If I was teaching a course on classic film appreciation, this silent foreign film classic most definitely would be on my must-see list. Fritz Lang's 1927 film METROPOLIS continues to be one of the most influential films of that decade. Such striking, memorable visuals fill this science-fiction drama. It's a great example of German expressionism. METROPOLIS continues to excite artists today.
You may have seen the METROPOLIS influence and didn't realize it. It influenced the art decoration for the Agatha character in Steven Spielberg's 2002 futuristic sci-fi drama, MINORITY REPORT.
METROPOLIS was the main inspiration for the look and style of Madonna's "Express Yourself" music video in the late 1980s.
It influenced the choreography and look of the "Food, Glorious Food" number sung by orphan boy laborers. That's the opening number in Carol Reed's OLIVER! Reed's musical film won the Oscar for Best Picture of 1968.
According to THE HOLLYWOOD REPORTER, Fritz Lang's classic may inspire a TV miniseries.
Sam Esmail created the enormously popular TV series, MR. ROBOT, starring Christian Slater and Rami Malek. The entertainment publication reports that Esmail wants to adapt METROPOLIS into a miniseries that would retain the original basis of the story. The adaptation would take place in a futuristic society where the city is divided between the wealthy who rule from high-rise comfort and the lower class people who toil tirelessly to keep the city running. In other words, it could be like modern-day Manhattan which has basically become a suburb of Wall Street.
Here's a film trivia question: The innovative and remarkable METROPOLIS, that classic silent film from 1927, has a major connection and link to the classic TV sitcom, I LOVE LUCY from the early 1950s. Do you know what that connection to the innovative sitcom is?
Karl Freund, the cinematographer for METROPOLIS, was hired by actor, producer and TV visionary Desi Arnaz to be the cinematographer for TV's I LOVE LUCY.
This groundbreaking sitcom replaced TV cameras with three movie cameras. No TV production was using three cameras and no TV production was using movie cameras.
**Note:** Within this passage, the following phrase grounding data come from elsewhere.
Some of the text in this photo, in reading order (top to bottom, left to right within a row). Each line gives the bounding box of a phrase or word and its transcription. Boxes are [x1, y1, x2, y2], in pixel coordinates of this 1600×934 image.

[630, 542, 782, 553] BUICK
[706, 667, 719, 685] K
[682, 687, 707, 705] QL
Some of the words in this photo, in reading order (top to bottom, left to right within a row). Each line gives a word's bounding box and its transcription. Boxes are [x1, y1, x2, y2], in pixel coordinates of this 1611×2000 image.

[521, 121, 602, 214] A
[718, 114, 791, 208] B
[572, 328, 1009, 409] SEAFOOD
But executive producer Desi Arnaz believed that shooting the show on film and with three cameras would give it more flexibility in editing and would improve the quality of its look. This process of shooting a TV sitcom like it was a film initially was not easy to do but Arnaz's vision was innovative and proved to be a brilliant idea. It paid off. It started a trend that continues today. And Freund made Lucille Ball, then in her early 40s, look great.
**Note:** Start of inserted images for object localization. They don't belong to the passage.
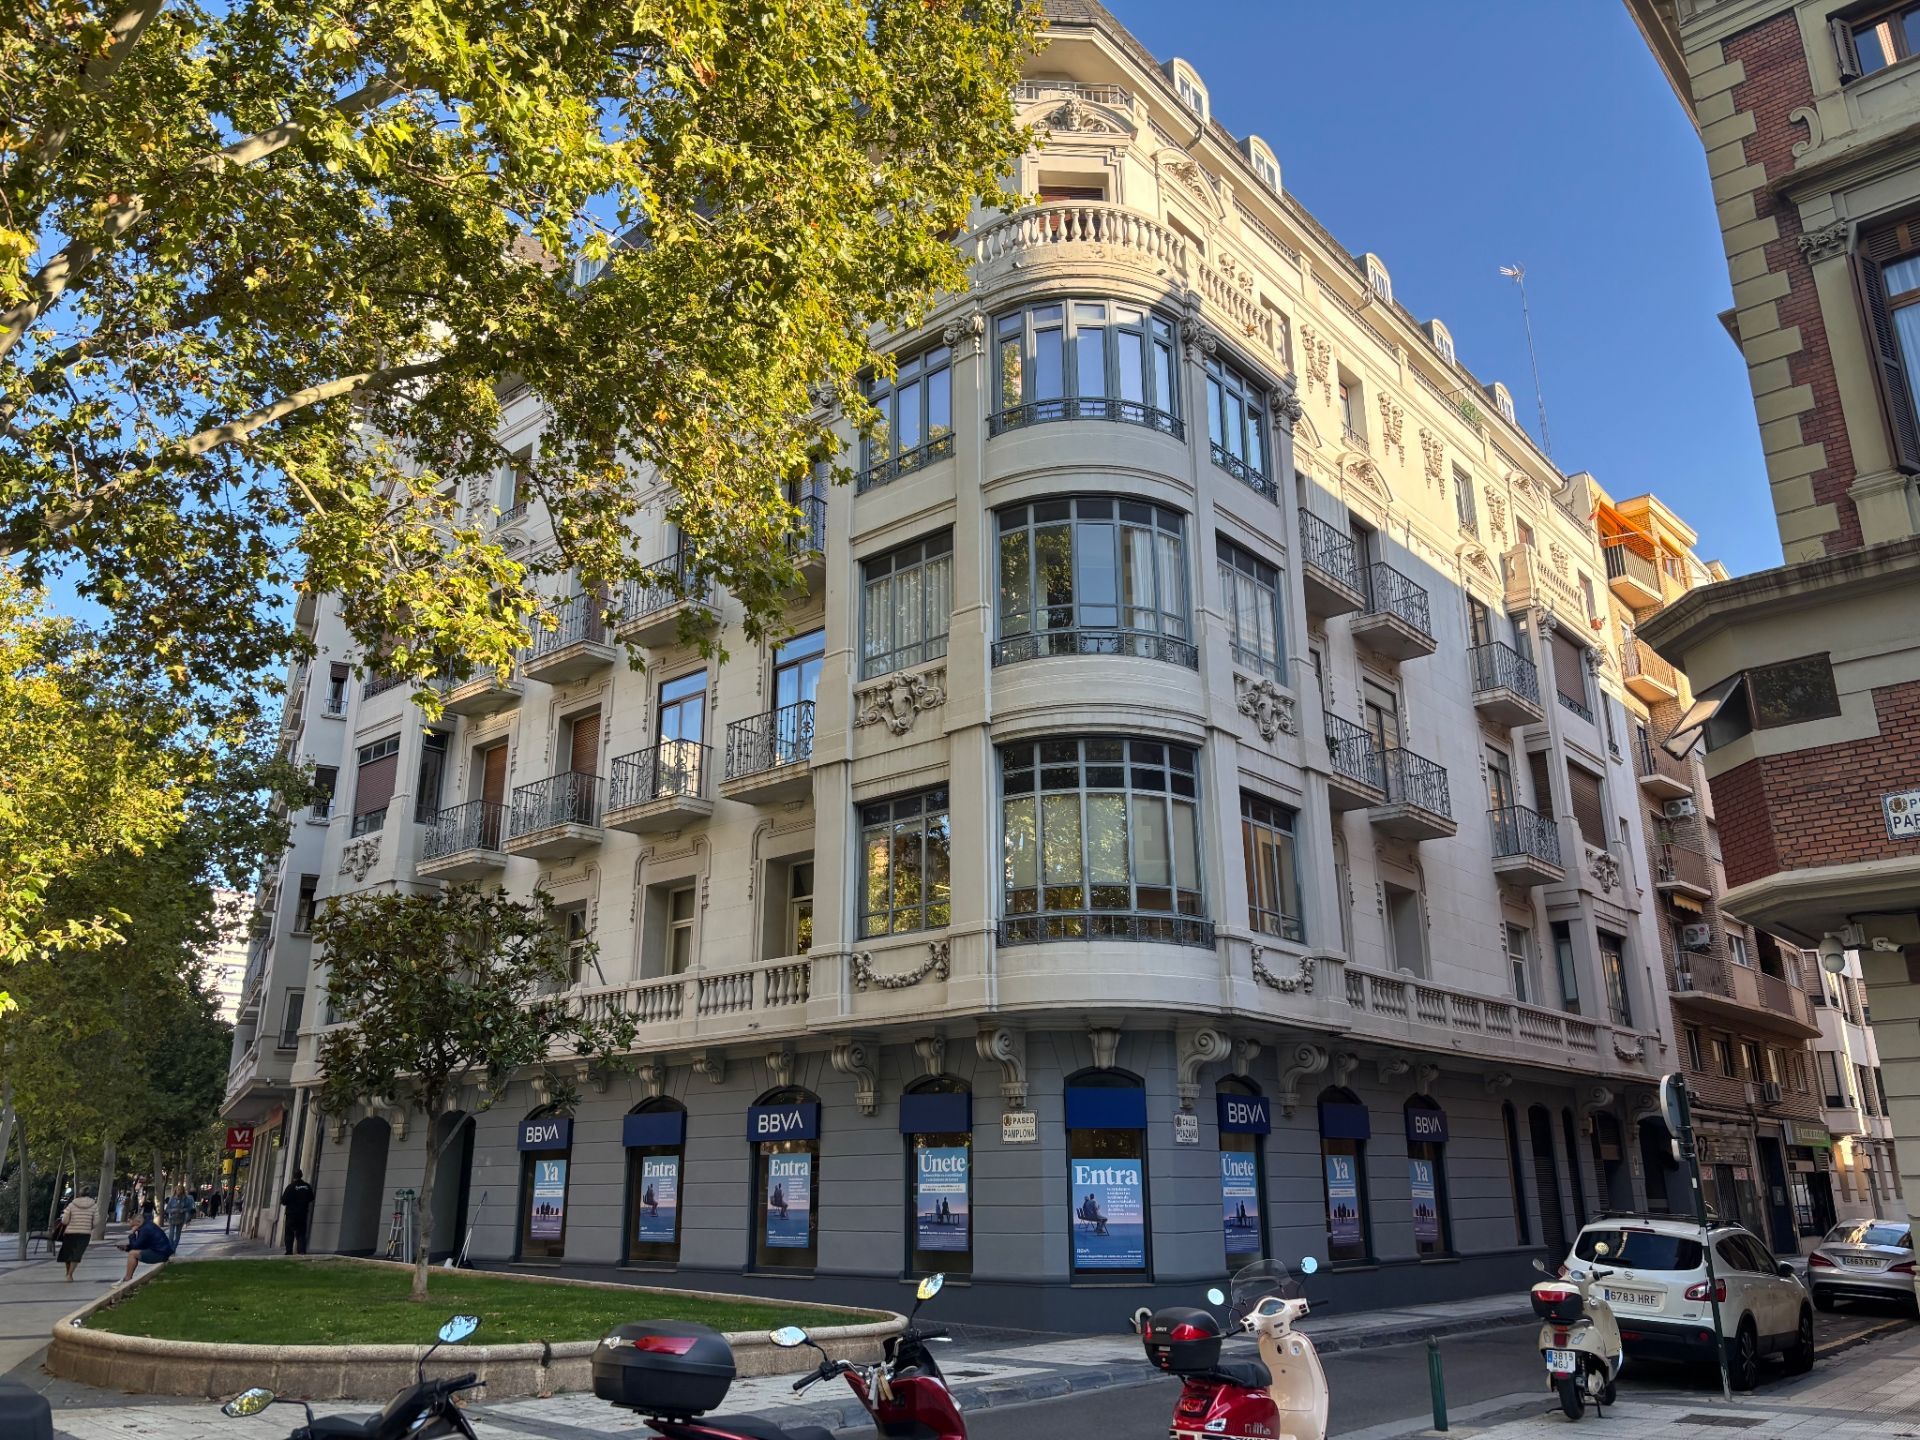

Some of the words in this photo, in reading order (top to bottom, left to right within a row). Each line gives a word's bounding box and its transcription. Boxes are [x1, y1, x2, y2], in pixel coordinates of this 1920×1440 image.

[758, 1110, 804, 1133] BBVA
[1012, 1116, 1035, 1125] PASEO
[1227, 1102, 1266, 1124] BBVA
[525, 1123, 559, 1143] BBVA
[1003, 1128, 1035, 1139] PAMPLONA
[1415, 1116, 1442, 1134] BBVA
[644, 1161, 677, 1178] Entra
[770, 1159, 809, 1177] Entra
[920, 1150, 966, 1173] Únete
[1222, 1153, 1254, 1177] Únete
[1332, 1157, 1349, 1180] Ya
[1414, 1161, 1429, 1182] Ya
[543, 1162, 559, 1182] Ya
[1074, 1165, 1139, 1186] Entra
[1611, 1291, 1635, 1302] 6783
[1638, 1294, 1656, 1305] HRF
METROPOLIS turned 90 this month. Karl Freund's credits as a cinematographer include these other films: ALL QUIET ON THE WESTERN FRONT (1930), DRACULA (1931), CAMILLE (1936), THE GOOD EARTH (1937), GOLDEN BOY (1939), A GUY NAMED JOE (1943), DU BARRY WAS A LADY starring Lucille Ball (1943), WITHOUT LOVE starring Spencer Tracy, Katharine Hepburn and Lucille Ball (1945) and KEY LARGO (1948).
It's been written that Karl Freund was a Jew who grew up in Berlin. His family moved to Berlin when he was about 10. When he was a young man working in film, he moved from Germany to Hollywood. That was about 1929. In 1937, he went back to Germany and got his only child, a daughter, and surely saved her from certain death. Freund's ex-wife died in a concentration camp.
"There can be no understanding between the hands and the brain unless the heart acts as mediator." ~from METROPOLIS.